* **Work order**:
Restate the records in full and exactly, with no images included.
--- Data provided Enclosed Below ---
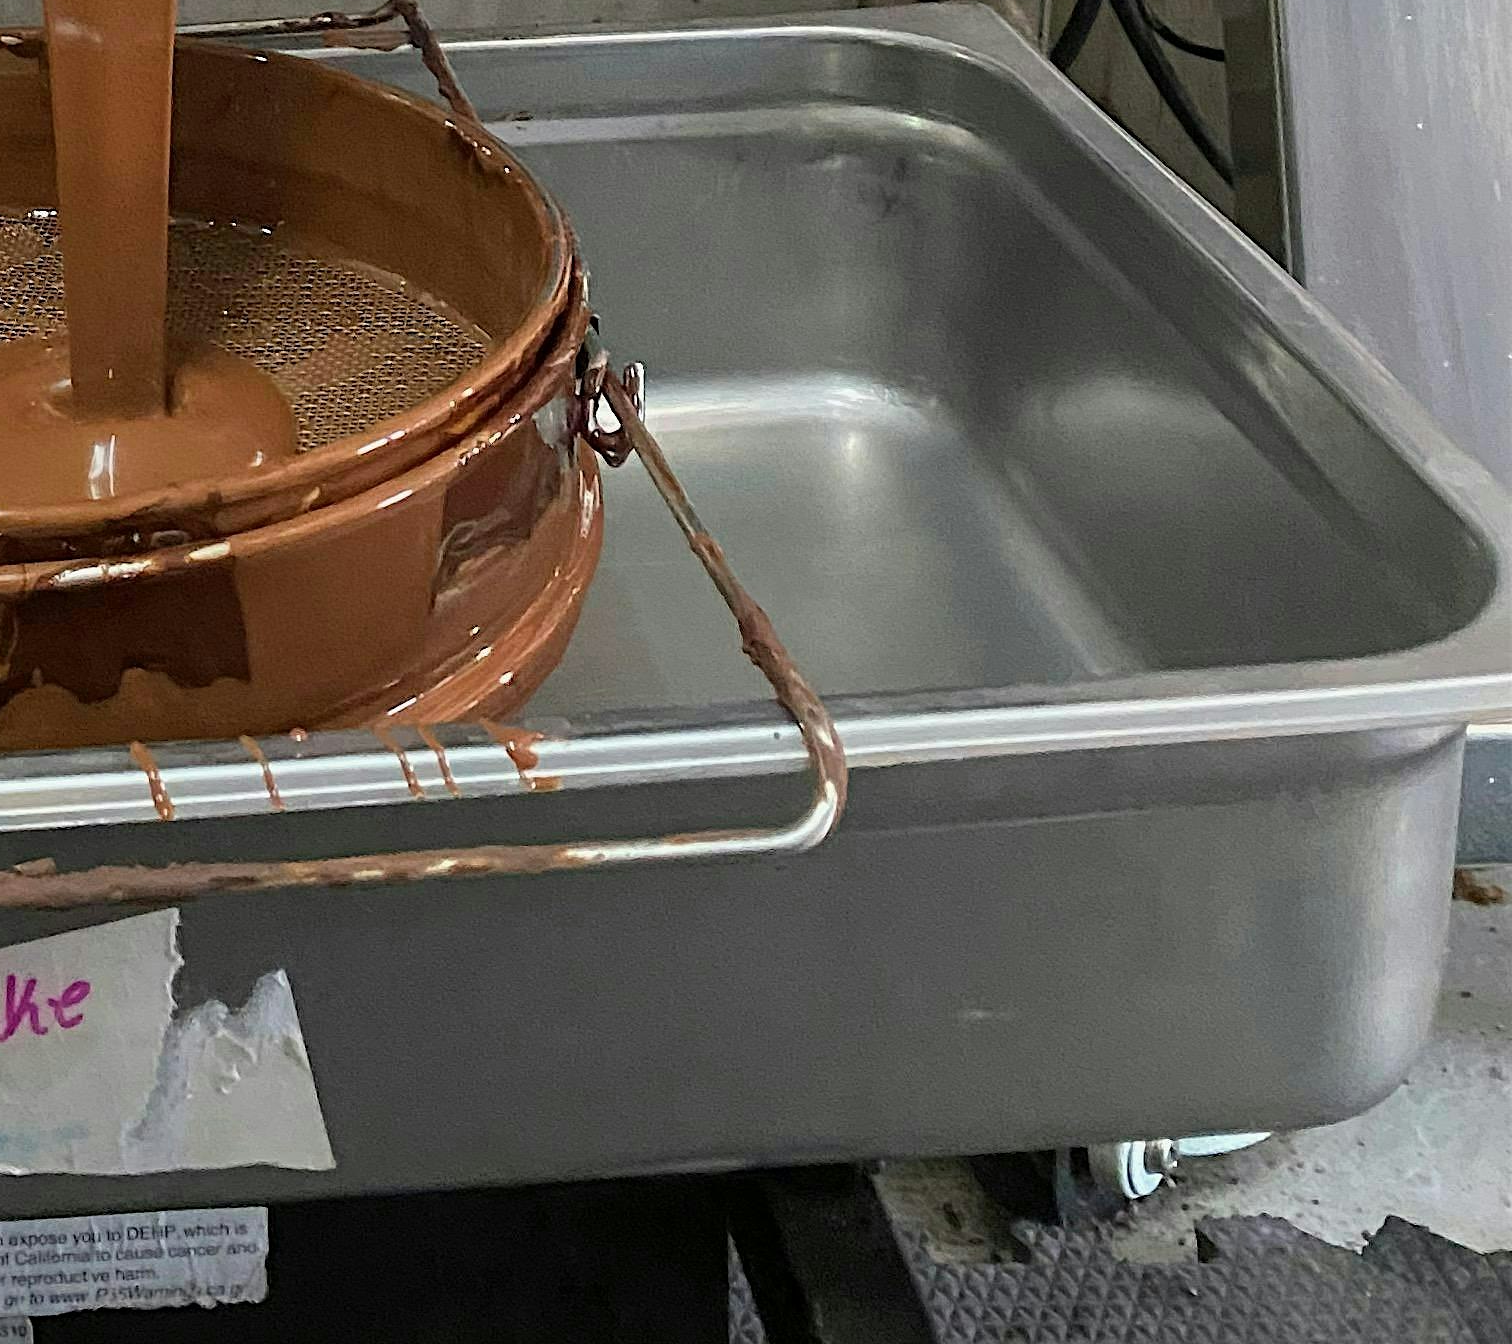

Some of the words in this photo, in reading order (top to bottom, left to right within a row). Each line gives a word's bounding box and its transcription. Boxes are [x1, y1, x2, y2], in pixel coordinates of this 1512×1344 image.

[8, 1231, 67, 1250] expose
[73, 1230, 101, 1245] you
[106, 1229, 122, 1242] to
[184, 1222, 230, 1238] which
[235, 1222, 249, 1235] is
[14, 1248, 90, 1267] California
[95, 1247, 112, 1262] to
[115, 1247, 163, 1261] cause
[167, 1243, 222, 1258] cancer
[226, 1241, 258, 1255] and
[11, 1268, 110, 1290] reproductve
--- End of Enclosed Data provided ---
* **Answer section**:
Some of the words in this photo, in reading order (top to bottom, left to right within a row). Each line gives a word's bounding box and its transcription. Boxes are [x1, y1, x2, y2], in pixel coordinates of this 1512×1344 image.

[8, 1231, 67, 1250] expose
[73, 1230, 101, 1245] you
[106, 1229, 122, 1242] to
[184, 1222, 230, 1238] which
[235, 1222, 249, 1235] is
[14, 1248, 90, 1267] California
[95, 1247, 112, 1262] to
[115, 1247, 163, 1261] cause
[167, 1243, 222, 1258] cancer
[226, 1241, 258, 1255] and
[11, 1268, 110, 1290] reproductve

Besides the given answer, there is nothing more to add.